Lo stagionatore

LO STAGIONATORE

Una giornata di sole, un bel posto dove fare un fuoco e sistemare una griglia, una bistecca freschissima appena comprata. Tutto meraviglioso, se non fosse che la carne, filetto escluso, una volta cotta non è morbida.
Esperienza un pò triste, vero, capitata anche a chi scrive. 
Con la parola frollatura ci si riferisce a un’operazione che consiste nel far riposare la carne per un periodo più o meno lungo prima di cucinarla.

Durante la macellazione, infatti, avvengono alcuni cambiamenti chimici biologici e fisici che hanno effetti più o meno favorevoli al consumo.
Gli enzimi proteolitici (letteralmente enzimi che “sciolgono le proteine”) sono i principali responsabili della tenerezza della carne dopo la macellazione: il riposo dei tessuti permette la formazione dell’acido lattico che una volta formatosi nei muscoli favorisce l’attacco di questi enzimi la cui funzione è attaccare e sciogliere le proteine permettendo al muscolo di ammorbidirsi.

La frollatura, dunque, consiste nell’aumentare il tempo a disposizione dei processi fisici che accentuano gli aromi e la morbidezza della carne. Sono due i metodi con cui è possibile realizzare la frollatura e si differenziano sotto diversi punti di vista.
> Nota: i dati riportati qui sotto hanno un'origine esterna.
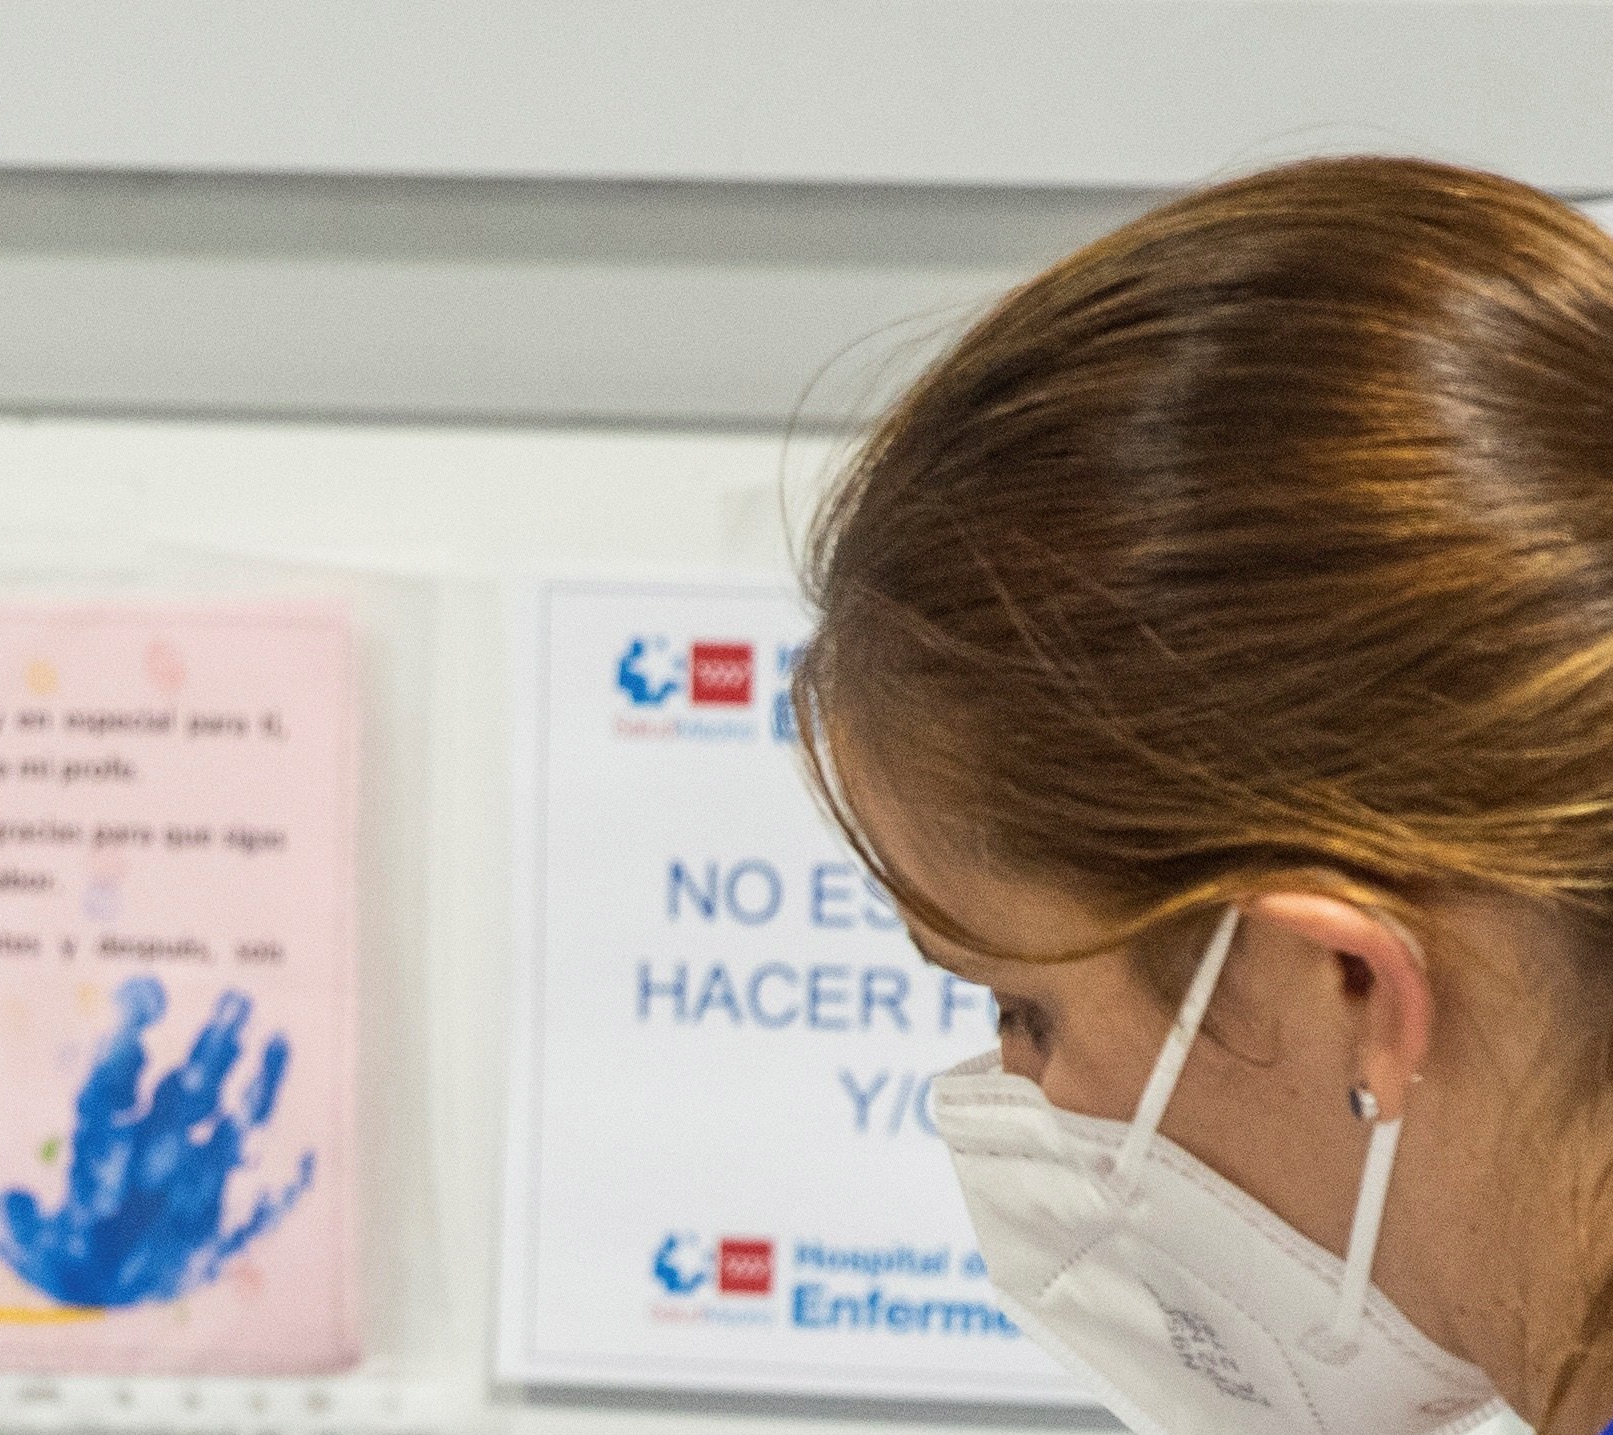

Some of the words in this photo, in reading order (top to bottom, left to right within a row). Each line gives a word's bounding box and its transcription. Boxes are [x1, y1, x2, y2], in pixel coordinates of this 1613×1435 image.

[64, 709, 175, 735] especial
[665, 858, 784, 926] NO
[635, 960, 912, 1034] HACER
[794, 1240, 950, 1276] Hospital
Nel dry aging (stagionatura a secco) la carne viene fatta riposare in celle frigorifere a una temperatura tra 0 e 4 gradi con umidità relativa dell’85-90% e costante aerazione al fine di “asciugare” in maniera controllata la carne.
La temperatura è un fattore fondamentale in grado di portare a compimento o rovinare completamente il processo di maturazione della carne: il troppo freddo (-2/-3°C) blocca i processi enzimatici mentre temperature eccessive (sopra i 5°C) stimolano l’attività degli enzimi ma anche la crescita di microbi patogeni.
Stesso livello di importanza per l’umidità: troppa favorisce la crescita dei batteri, troppo poca comporta un eccessivo restringimento dei tessuti.
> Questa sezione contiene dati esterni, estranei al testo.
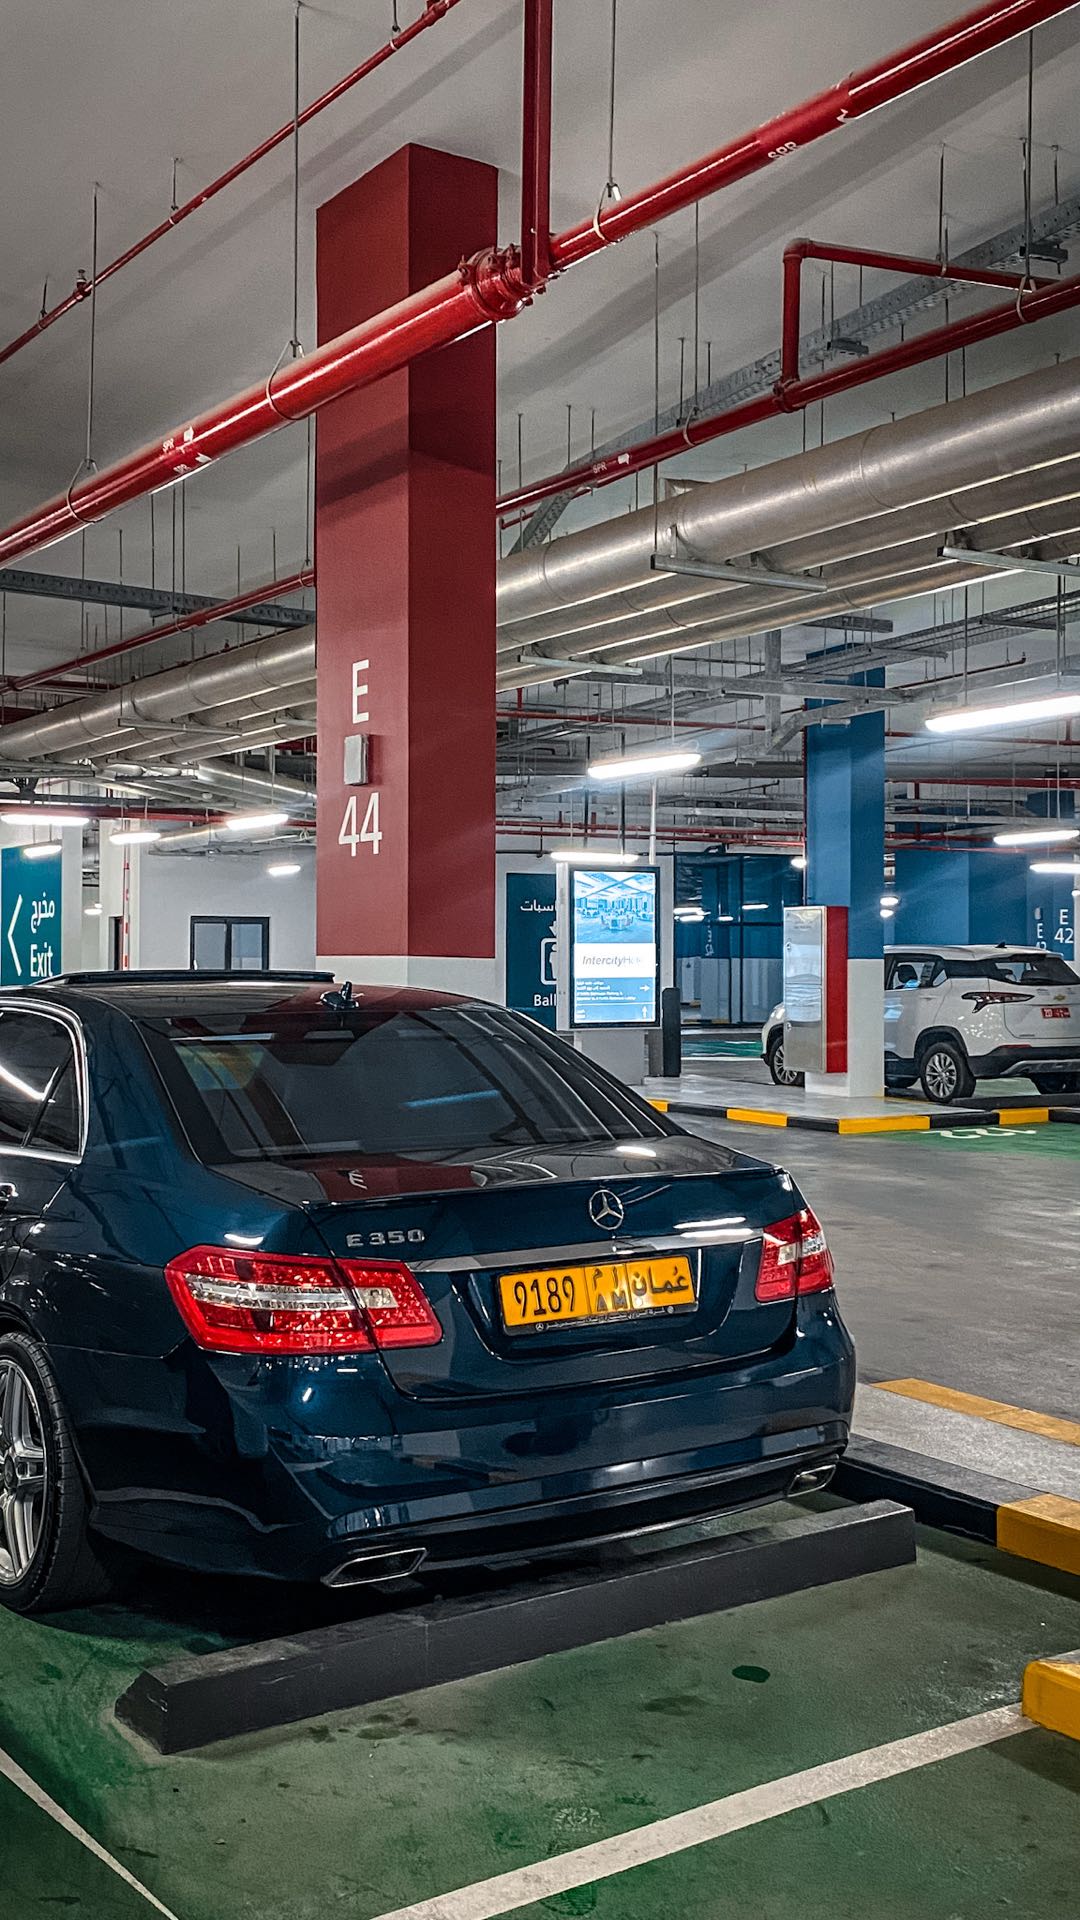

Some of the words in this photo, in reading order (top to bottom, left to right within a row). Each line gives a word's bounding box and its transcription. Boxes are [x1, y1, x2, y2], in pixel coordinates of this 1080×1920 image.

[592, 461, 608, 474] SPR
[352, 659, 370, 725] E
[338, 792, 383, 857] 44
[30, 891, 55, 934] مخرج
[1060, 909, 1069, 925] E
[1037, 923, 1044, 939] E
[1054, 928, 1074, 944] 42
[30, 941, 54, 977] Exit
[582, 955, 642, 968] IntercityH
[346, 1234, 364, 1247] E
[369, 1229, 425, 1245] 350
[514, 1275, 575, 1318] 9189
Il wet aging (stagionatura a umido) è una tecnica relativamente recente secondo la quale i tagli di carne dopo la macellazione vengono sigillati sottovuoto, quindi senza ossigeno, per un numero variabile di giorni (solitamente dai 4 ai 10) e conservati in celle frigorifere a una temperatura di 4-5°C.

Entrambi i metodi hanno benefici e costi: una ricerca del Dott. Jeff W. Savell, della Texas University (“Dry-Aging of Beef“) sottolinea quanto il processo di dry aging contribuisca alla concentrazione degli aromi e dei sapori conferendo alla carne estrema morbidezza e sfumature di gusto gradevoli e molto intense. Al tempo stesso lo studio rivela quanto questo processo contribuisca ad una considerevole perdita di peso e volume della carne, fenomeno che determina un costo maggiore per il rivenditore e spiega la difficoltà con cui è possibile reperire questi prodotti sul mercato della grande distribuzione. Il wet aging comporta una maturazione della carne diversa che porta a una morbidezza simile a quella ottenuta con il processo di dry aging ma con il vantaggio di non favorire la perdita di peso.
La differenza più grande tra i due metodi consiste nel sapore: il dry aging porta a sapori complessi e ricche sfumature di aromi (nocciola ad esempio) impossibili da ritrovare in una carne stagionata sotto vuoto.

Tutto ciò comporta una buona e una cattiva notizia. Partendo dalla cattiva, c’è sicuramente da registrare il fatto che procedere in maniera autonoma alla frollatura della carne mediante dry aging è un processo rischioso e sicuramente costoso, dato che servono celle frigorifere particolari per non rischiare di rovinare la carne o consumarla in seguito ad una scorretta conservazione. La buona notizia è che all’Artigiano le attrezzature per il dry aging non mancano ed è possibile gustare carni frollate da 30gg fino ad arrivare in certi casi ad oltre i 200gg.